Sanjeev Gupta is in talks with Glencore to refinance the debt of its European aluminum company, a deal that would allow the metals tycoon to retain control over one of its best assets.
Gupta’s GFG Alliance, which employs 35,000 people from the UK to Australia, is fighting to restructure and refinance its debt after the collapse of Greensill Capital, its main lender.
Greensill and his bond investors had $ 5 billion in exposure to GFG when the supply chain finance group imploded in March. GFG is also under investigation in the UK for suspected fraud, complicating efforts to find new funding. GFG said it would cooperate with the probe.
Glencore is in talks to refinance more than $ 500 million in debt at Alvance, Gupta’s aluminum business with assets in France and Belgium, according to two people familiar with the matter.
A deal with the London-listed miner and commodities trader would allow Gupta to remain the owner, unlike an earlier proposal by US private equity firm American Industrial Partners (AIP), which sought to purchase the asset.
A deal would be a boon to Glencore’s aluminum business if it were able to secure the metal supply, giving FTSE 100 a pipeline it could sell through its large trading arm.
Glencore’s move comes as aluminum prices have risen nearly 25% this year to exceed $ 2,500 a tonne as the global economy begins to rebound from the pandemic. Lightweight metal is used in everything from beverage cans to cars.

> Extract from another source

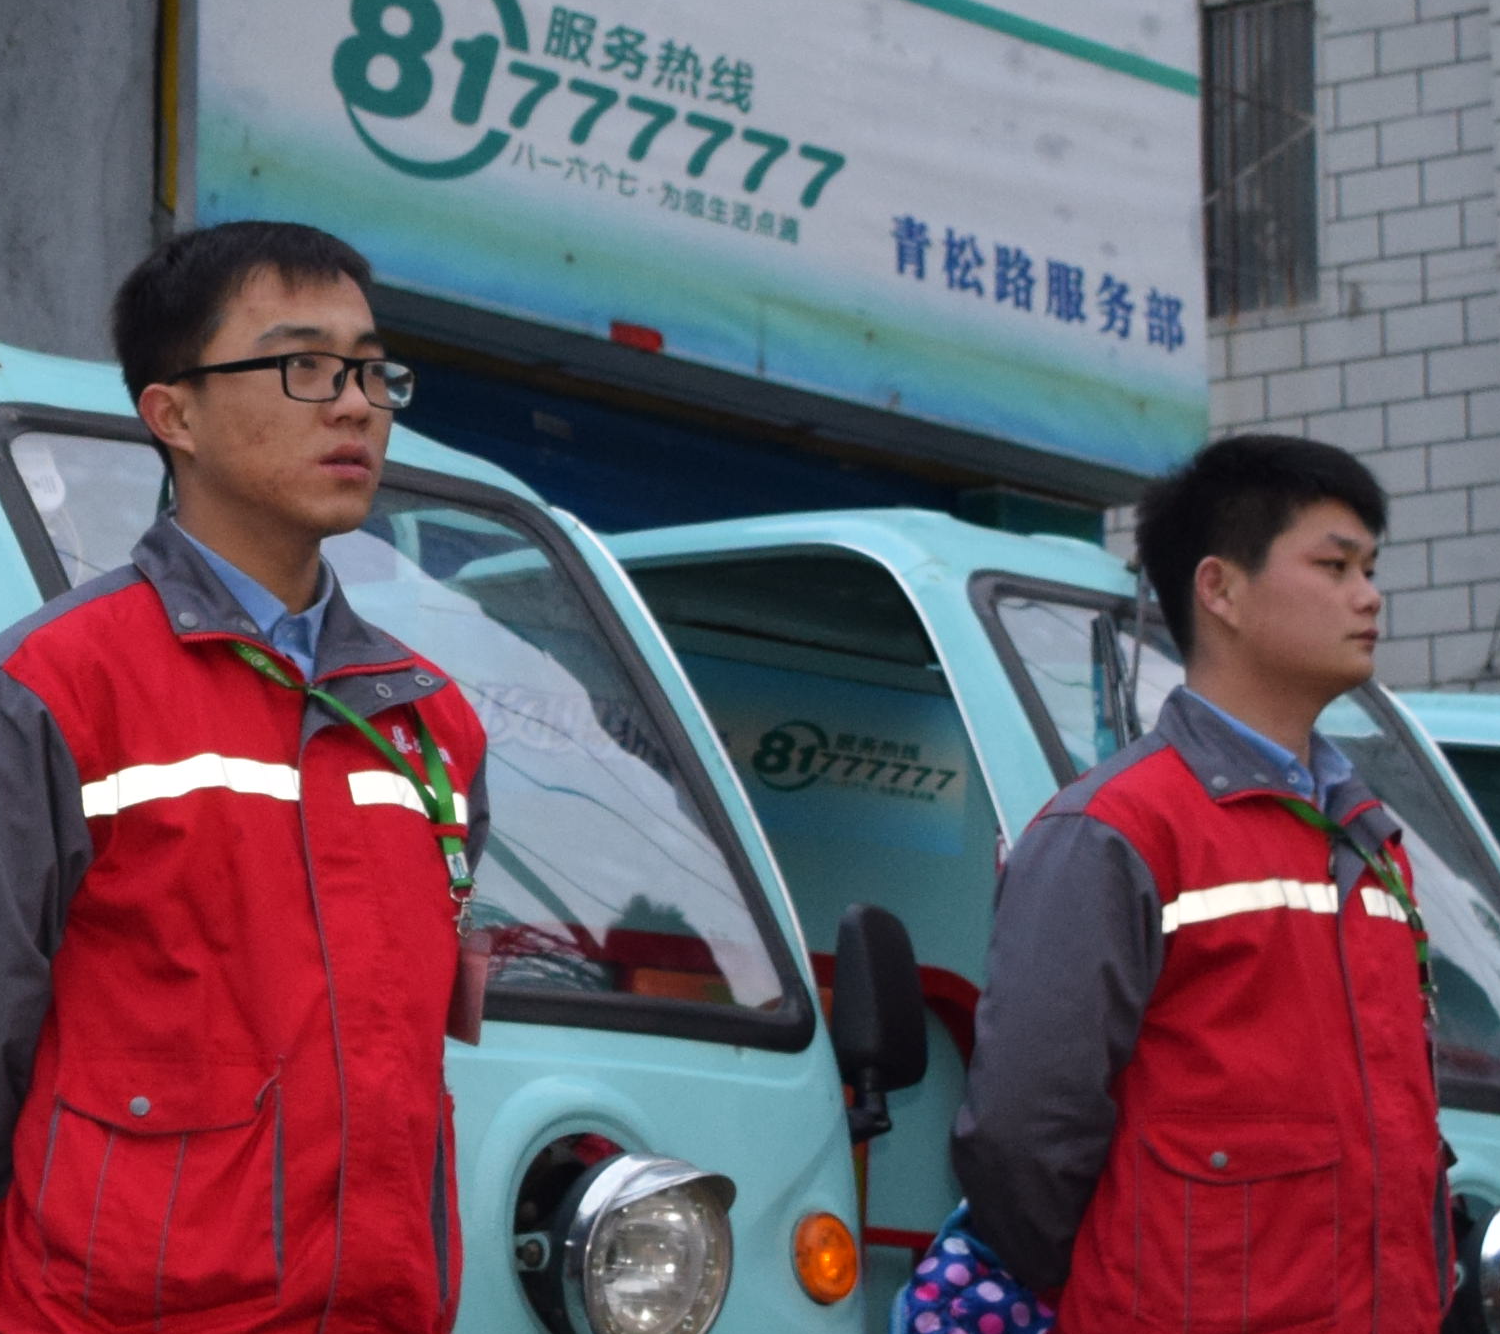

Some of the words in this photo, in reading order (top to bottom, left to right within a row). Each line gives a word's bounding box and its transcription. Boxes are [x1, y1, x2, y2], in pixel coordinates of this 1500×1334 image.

[543, 4, 755, 114] 服务热线
[892, 214, 1187, 354] 青松路服务部
[752, 729, 957, 792] 81777777

The jewel in Alvance’s crown is its foundry in Dunkirk, the largest in Europe. Liberty acquired the 280,000 tonne per year plant from Rio Tinto in 2018 for $ 500 million. GFG has estimated that Alvance has an enterprise value north of $ 1 billion, based on expected profits of more than $ 150 million for 2021, according to a GFG document from March.
Glencore’s aluminum unit, which already buys the metal from Liberty, is headed by Robin Scheiner. Bankers say he is keen to expand the business and has researched potential deals. He met Gupta in Zurich this year where they brainstormed a number of ideas, although they did not come to an agreement, according to people familiar with the matter.
Glencore declined to comment. GFG said it “continues to focus on restructuring and refinancing its business after the collapse of Greensill Capital. The Alvance portfolio is doing well, supported by favorable market conditions.
An agreement with Glencore would make it possible to repay several debt facilities in all of Alvance’s activities. The Dunkirk aluminum smelter has a loan of $ 260 million, while the Alvance rolling mill at Duffel has additional debt of $ 59 million. The company also has $ 131 million in riskier holding debt with BlackRock and $ 73 million in financing from Greensill.
A group of banks initially provided the loan to Dunkirk, alongside Glencore’s rival, Trafigura. The Geneva-based commodities trader still holds that debt, as banks mostly sold their positions to AIP this year, when the New York-based private equity firm sought to take control of the asset.
Trafigura also signed an aluminum deal with Gupta when it initially provided Dunkirk’s debt at the end of 2018. Alvance has an additional liability of $ 114 million resulting from disputes with the original sellers of the Dunkirk and Duffel assets.